*** Dataset content

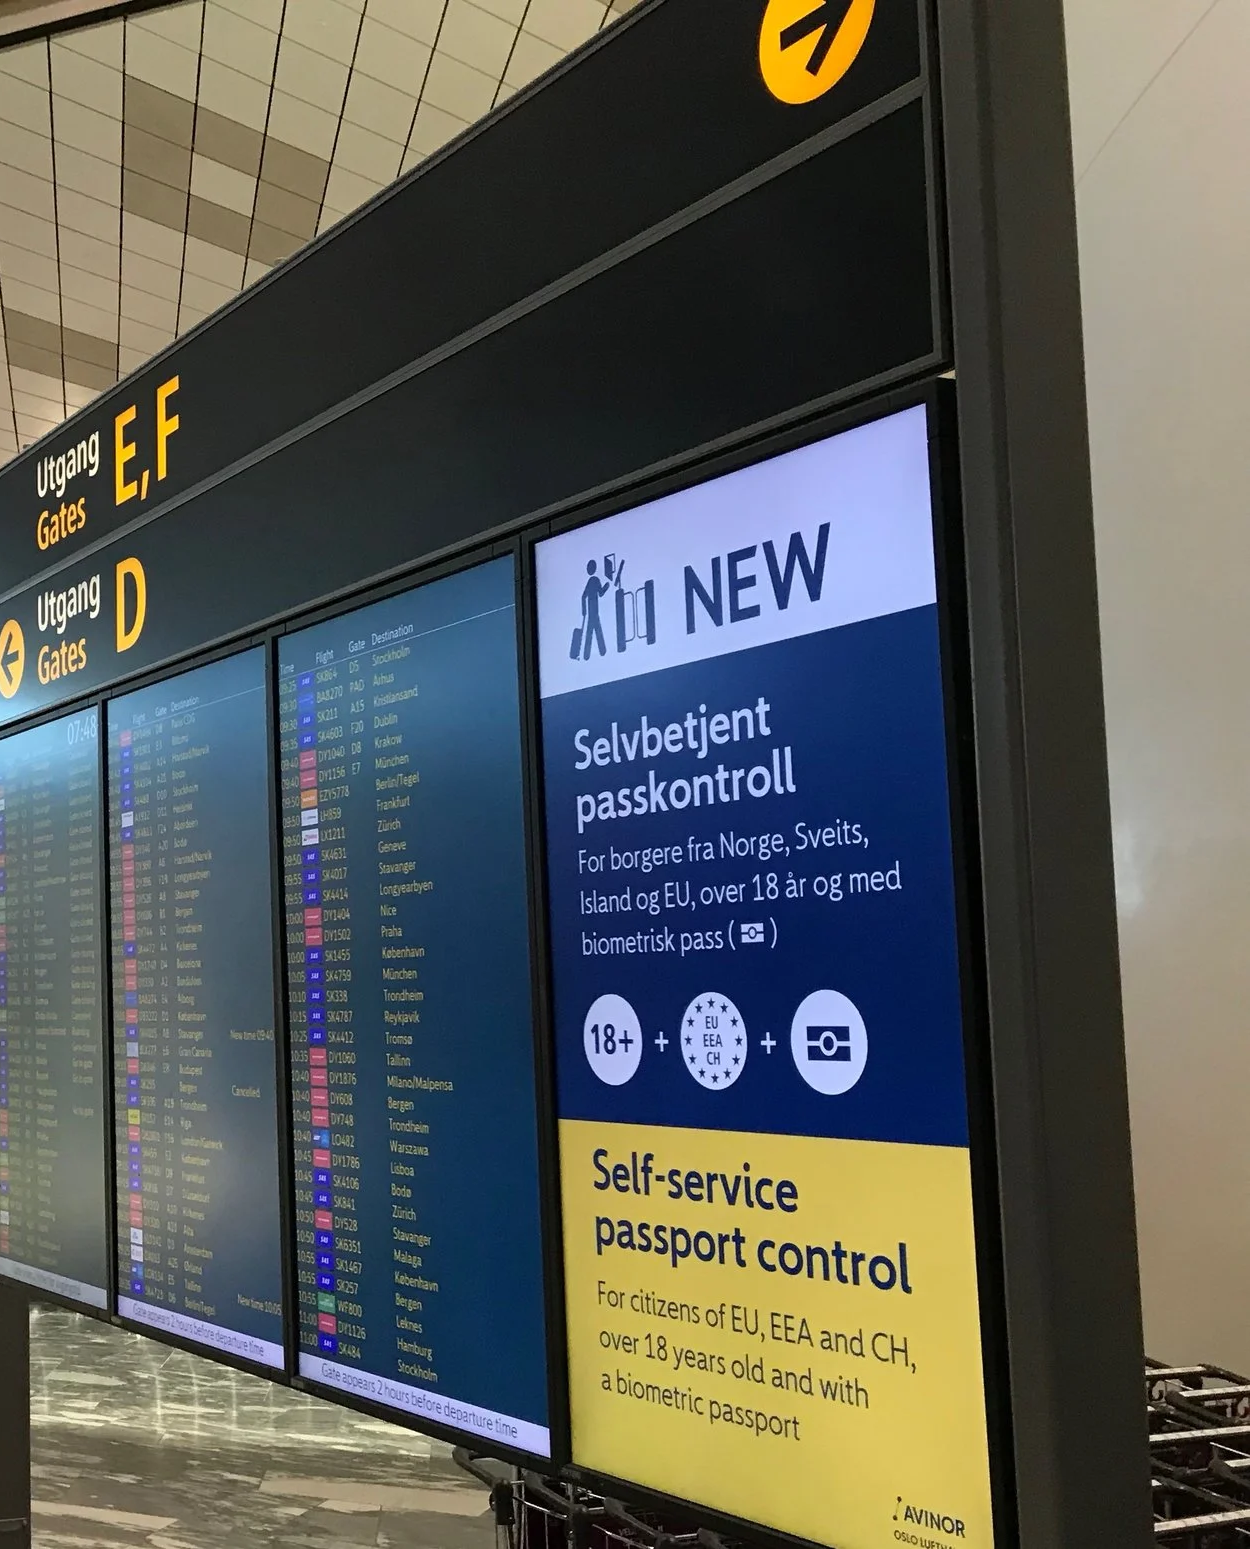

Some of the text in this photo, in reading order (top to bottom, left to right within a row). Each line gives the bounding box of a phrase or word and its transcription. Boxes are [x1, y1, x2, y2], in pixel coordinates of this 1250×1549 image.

[37, 375, 179, 506] Utgang E,F
[37, 497, 86, 550] Gates
[684, 522, 831, 635] NEW
[37, 557, 146, 653] Utgang D
[349, 639, 366, 653] Gate
[371, 623, 414, 646] Destination
[37, 637, 87, 685] Gates
[317, 707, 337, 723] SK211
[374, 712, 397, 728] Dublin
[67, 714, 97, 745] 07:48
[574, 697, 771, 770] Selvbetjent
[374, 732, 402, 749] Krakow
[375, 752, 409, 769] München
[375, 772, 419, 793] Berlin/Tegel
[577, 746, 796, 834] passkontroll
[376, 795, 410, 811] Frankfurt
[378, 839, 406, 853] Geneve
[579, 819, 869, 874] For borgere fra Norge, Sveits,
[378, 860, 416, 877] Stavanger
[379, 880, 433, 898] Longyearbyen
[581, 861, 902, 915] Island og EU, over 18 år og med
[380, 904, 396, 916] Nice
[381, 925, 402, 937] Praha
[582, 926, 675, 955] biometrisk
[680, 931, 724, 957] pass
[382, 946, 424, 958] København
[382, 968, 417, 979] München
[383, 990, 423, 1001] Trondheim
[384, 1011, 419, 1026] Reykjavik
[385, 1032, 412, 1045] Tromsø
[591, 1023, 634, 1055] 18+
[705, 1016, 718, 1029] EU
[703, 1034, 723, 1047] EEA
[386, 1054, 410, 1066] Tallinn
[706, 1051, 721, 1065] CH
[386, 1075, 453, 1095] Milano/Malpensa
[387, 1097, 414, 1113] Bergen
[389, 1118, 429, 1135] Trondheim
[389, 1140, 429, 1157] Warszawa
[390, 1162, 414, 1177] Lisboa
[593, 1148, 798, 1213] Self-service
[391, 1184, 411, 1199] Bodø
[392, 1205, 416, 1222] Zürich
[393, 1228, 431, 1250] Stavanger
[393, 1249, 422, 1270] Malaga
[596, 1216, 912, 1294] passport control
[394, 1271, 438, 1294] København
[395, 1293, 422, 1315] Bergen
[396, 1315, 422, 1334] Leknes
[598, 1280, 916, 1374] For citizens of EU, EEA and CH,
[397, 1337, 432, 1362] Hamburg
[397, 1359, 437, 1384] Stockholm
[600, 1331, 869, 1409] over 18 years old and with
[322, 1363, 518, 1438] Gate appears 2 hours before departure time
[602, 1369, 800, 1441] a biometric passport
[904, 1505, 965, 1538] AVINOR
[894, 1530, 918, 1545] OSLO
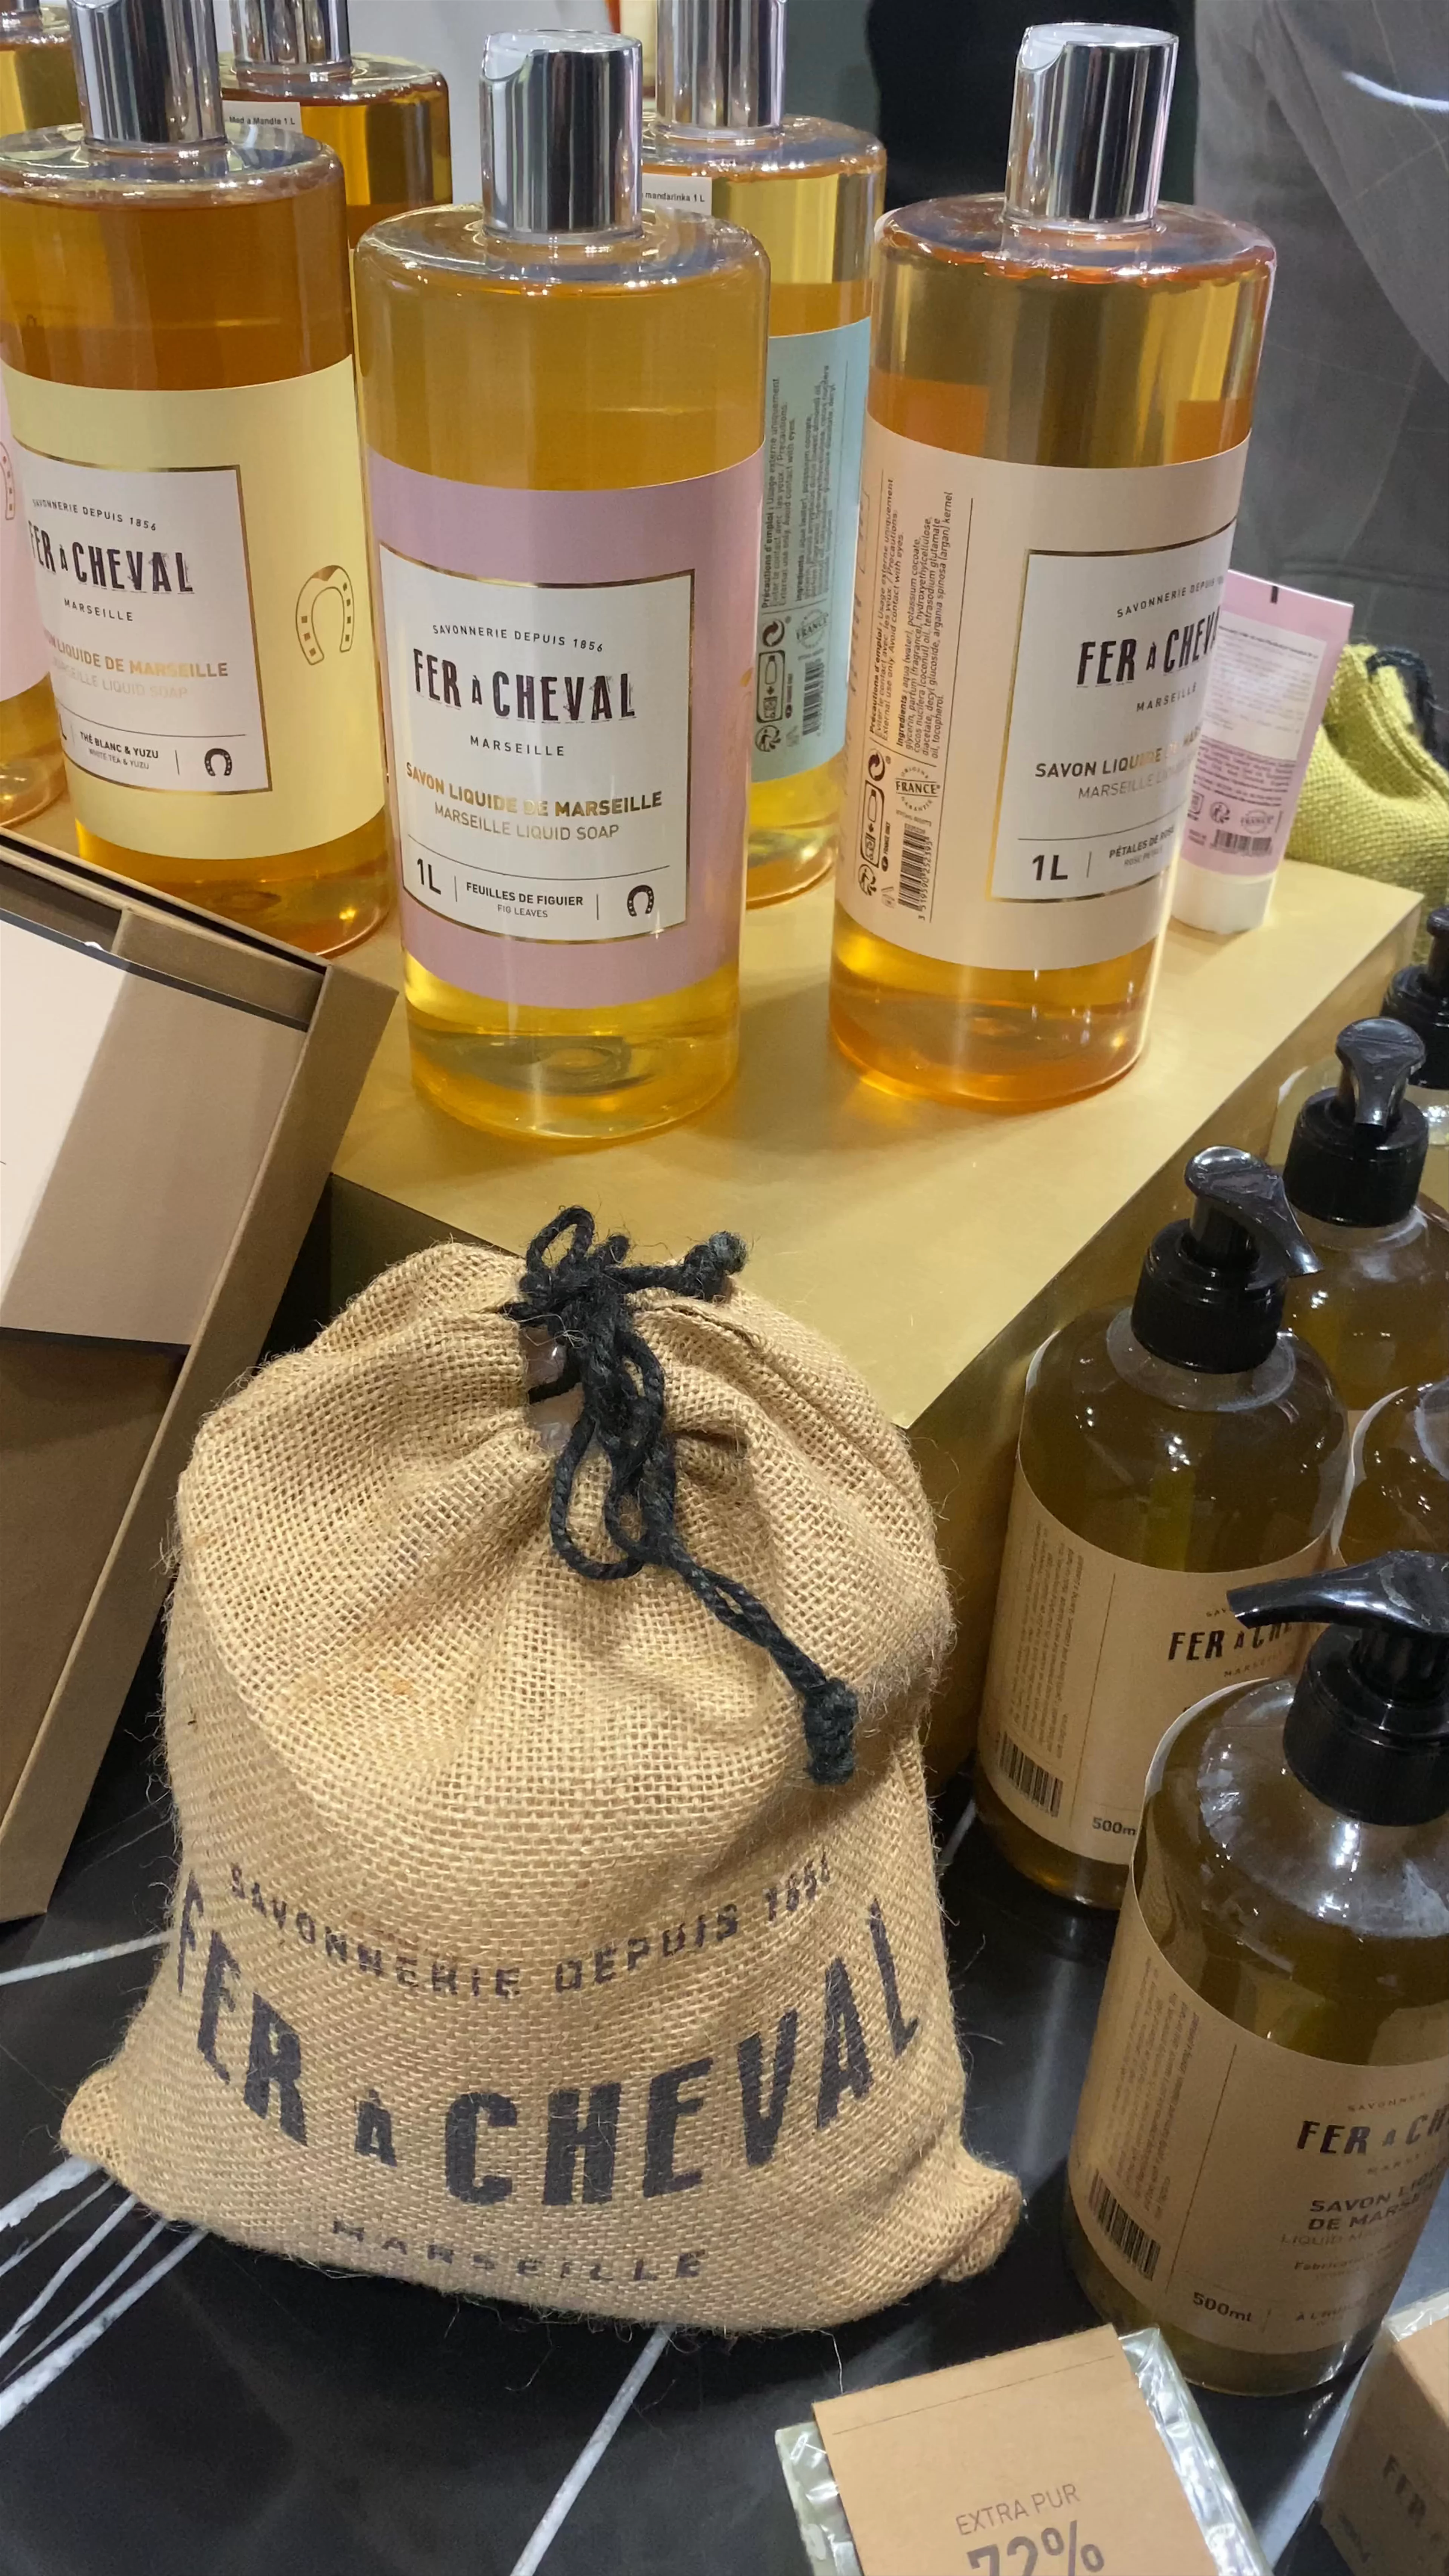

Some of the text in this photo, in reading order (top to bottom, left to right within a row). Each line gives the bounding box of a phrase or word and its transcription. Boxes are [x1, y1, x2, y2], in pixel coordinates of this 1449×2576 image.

[32, 498, 157, 531] SAVONNERIE DEPUIS 1856
[942, 491, 953, 524] kernel
[28, 520, 194, 594] FER À CHEVAL
[929, 518, 941, 568] glutamate
[893, 561, 901, 583] with
[936, 563, 947, 600] spinosa
[64, 598, 134, 621] MARSEILLE
[891, 585, 900, 623] contact
[923, 570, 936, 627] tetrasodium
[1117, 586, 1186, 618] SAVONNERIE
[933, 601, 943, 638] argania
[432, 624, 604, 652] SAVONNERIE DEPUIS 1856
[888, 625, 897, 654] Avoid
[1077, 638, 1137, 687] FER
[1146, 641, 1157, 670] À
[1163, 606, 1220, 674] CHEV
[57, 638, 229, 678] LIQUIDE DE MARSEILLE
[896, 695, 907, 747] Ingredients
[906, 578, 917, 627] potassium
[928, 640, 941, 686] glucoside,
[413, 647, 637, 723] FER À CHEVAL
[908, 678, 917, 711] parfum
[926, 687, 935, 712] decyl
[1136, 681, 1197, 712] MARSEILLE
[915, 689, 925, 726] nucifera
[80, 731, 159, 759] THÉ BLANC & YUZU
[470, 735, 565, 757] MARSEILLE
[108, 755, 121, 764] TEA
[129, 760, 149, 770] YUZU
[1035, 761, 1097, 778] SAVON
[406, 762, 663, 817] SAVON LIQUIDE DE MARSEILLE
[1078, 773, 1153, 799] MARSEILLE
[435, 801, 619, 841] MARSEILLE LIQUID SOAP
[1109, 840, 1148, 858] PÉTALES
[1149, 834, 1159, 847] DE
[416, 858, 442, 895] 1L
[1032, 854, 1068, 881] 1L
[466, 881, 583, 906] FEUILLES DE FIGUIER
[497, 904, 548, 918] FIG LEAVES
[1168, 1630, 1225, 1661] FER
[1092, 1816, 1137, 1836] 500m
[230, 1862, 521, 2000] SAVONNERIE
[555, 1903, 739, 1994] DEPUIS
[177, 1868, 309, 2148] FER
[444, 1897, 919, 2207] CHEVAL
[1297, 2120, 1371, 2155] FER
[1310, 2192, 1391, 2213] SAVON
[1308, 2218, 1342, 2231] DE
[332, 2219, 709, 2282] MARSEILLE
[955, 2483, 1082, 2536] EXTRA PUR
[966, 2519, 1104, 2576] 72%

******

The preceding listing is to be restated word for word, with every picture omitted.

Some of the text in this photo, in reading order (top to bottom, left to right within a row). Each line gives the bounding box of a phrase or word and its transcription. Boxes are [x1, y1, x2, y2], in pixel coordinates of this 1250×1549 image.

[37, 375, 179, 506] Utgang E,F
[37, 497, 86, 550] Gates
[684, 522, 831, 635] NEW
[37, 557, 146, 653] Utgang D
[349, 639, 366, 653] Gate
[371, 623, 414, 646] Destination
[37, 637, 87, 685] Gates
[317, 707, 337, 723] SK211
[374, 712, 397, 728] Dublin
[67, 714, 97, 745] 07:48
[574, 697, 771, 770] Selvbetjent
[374, 732, 402, 749] Krakow
[375, 752, 409, 769] München
[375, 772, 419, 793] Berlin/Tegel
[577, 746, 796, 834] passkontroll
[376, 795, 410, 811] Frankfurt
[378, 839, 406, 853] Geneve
[579, 819, 869, 874] For borgere fra Norge, Sveits,
[378, 860, 416, 877] Stavanger
[379, 880, 433, 898] Longyearbyen
[581, 861, 902, 915] Island og EU, over 18 år og med
[380, 904, 396, 916] Nice
[381, 925, 402, 937] Praha
[582, 926, 675, 955] biometrisk
[680, 931, 724, 957] pass
[382, 946, 424, 958] København
[382, 968, 417, 979] München
[383, 990, 423, 1001] Trondheim
[384, 1011, 419, 1026] Reykjavik
[385, 1032, 412, 1045] Tromsø
[591, 1023, 634, 1055] 18+
[705, 1016, 718, 1029] EU
[703, 1034, 723, 1047] EEA
[386, 1054, 410, 1066] Tallinn
[706, 1051, 721, 1065] CH
[386, 1075, 453, 1095] Milano/Malpensa
[387, 1097, 414, 1113] Bergen
[389, 1118, 429, 1135] Trondheim
[389, 1140, 429, 1157] Warszawa
[390, 1162, 414, 1177] Lisboa
[593, 1148, 798, 1213] Self-service
[391, 1184, 411, 1199] Bodø
[392, 1205, 416, 1222] Zürich
[393, 1228, 431, 1250] Stavanger
[393, 1249, 422, 1270] Malaga
[596, 1216, 912, 1294] passport control
[394, 1271, 438, 1294] København
[395, 1293, 422, 1315] Bergen
[396, 1315, 422, 1334] Leknes
[598, 1280, 916, 1374] For citizens of EU, EEA and CH,
[397, 1337, 432, 1362] Hamburg
[397, 1359, 437, 1384] Stockholm
[600, 1331, 869, 1409] over 18 years old and with
[322, 1363, 518, 1438] Gate appears 2 hours before departure time
[602, 1369, 800, 1441] a biometric passport
[904, 1505, 965, 1538] AVINOR
[894, 1530, 918, 1545] OSLO

Some of the text in this photo, in reading order (top to bottom, left to right within a row). Each line gives the bounding box of a phrase or word and its transcription. Boxes are [x1, y1, x2, y2], in pixel coordinates of this 1449×2576 image.

[32, 498, 157, 531] SAVONNERIE DEPUIS 1856
[942, 491, 953, 524] kernel
[28, 520, 194, 594] FER À CHEVAL
[929, 518, 941, 568] glutamate
[893, 561, 901, 583] with
[936, 563, 947, 600] spinosa
[64, 598, 134, 621] MARSEILLE
[891, 585, 900, 623] contact
[923, 570, 936, 627] tetrasodium
[1117, 586, 1186, 618] SAVONNERIE
[933, 601, 943, 638] argania
[432, 624, 604, 652] SAVONNERIE DEPUIS 1856
[888, 625, 897, 654] Avoid
[1077, 638, 1137, 687] FER
[1146, 641, 1157, 670] À
[1163, 606, 1220, 674] CHEV
[57, 638, 229, 678] LIQUIDE DE MARSEILLE
[896, 695, 907, 747] Ingredients
[906, 578, 917, 627] potassium
[928, 640, 941, 686] glucoside,
[413, 647, 637, 723] FER À CHEVAL
[908, 678, 917, 711] parfum
[926, 687, 935, 712] decyl
[1136, 681, 1197, 712] MARSEILLE
[915, 689, 925, 726] nucifera
[80, 731, 159, 759] THÉ BLANC & YUZU
[470, 735, 565, 757] MARSEILLE
[108, 755, 121, 764] TEA
[129, 760, 149, 770] YUZU
[1035, 761, 1097, 778] SAVON
[406, 762, 663, 817] SAVON LIQUIDE DE MARSEILLE
[1078, 773, 1153, 799] MARSEILLE
[435, 801, 619, 841] MARSEILLE LIQUID SOAP
[1109, 840, 1148, 858] PÉTALES
[1149, 834, 1159, 847] DE
[416, 858, 442, 895] 1L
[1032, 854, 1068, 881] 1L
[466, 881, 583, 906] FEUILLES DE FIGUIER
[497, 904, 548, 918] FIG LEAVES
[1168, 1630, 1225, 1661] FER
[1092, 1816, 1137, 1836] 500m
[230, 1862, 521, 2000] SAVONNERIE
[555, 1903, 739, 1994] DEPUIS
[177, 1868, 309, 2148] FER
[444, 1897, 919, 2207] CHEVAL
[1297, 2120, 1371, 2155] FER
[1310, 2192, 1391, 2213] SAVON
[1308, 2218, 1342, 2231] DE
[332, 2219, 709, 2282] MARSEILLE
[955, 2483, 1082, 2536] EXTRA PUR
[966, 2519, 1104, 2576] 72%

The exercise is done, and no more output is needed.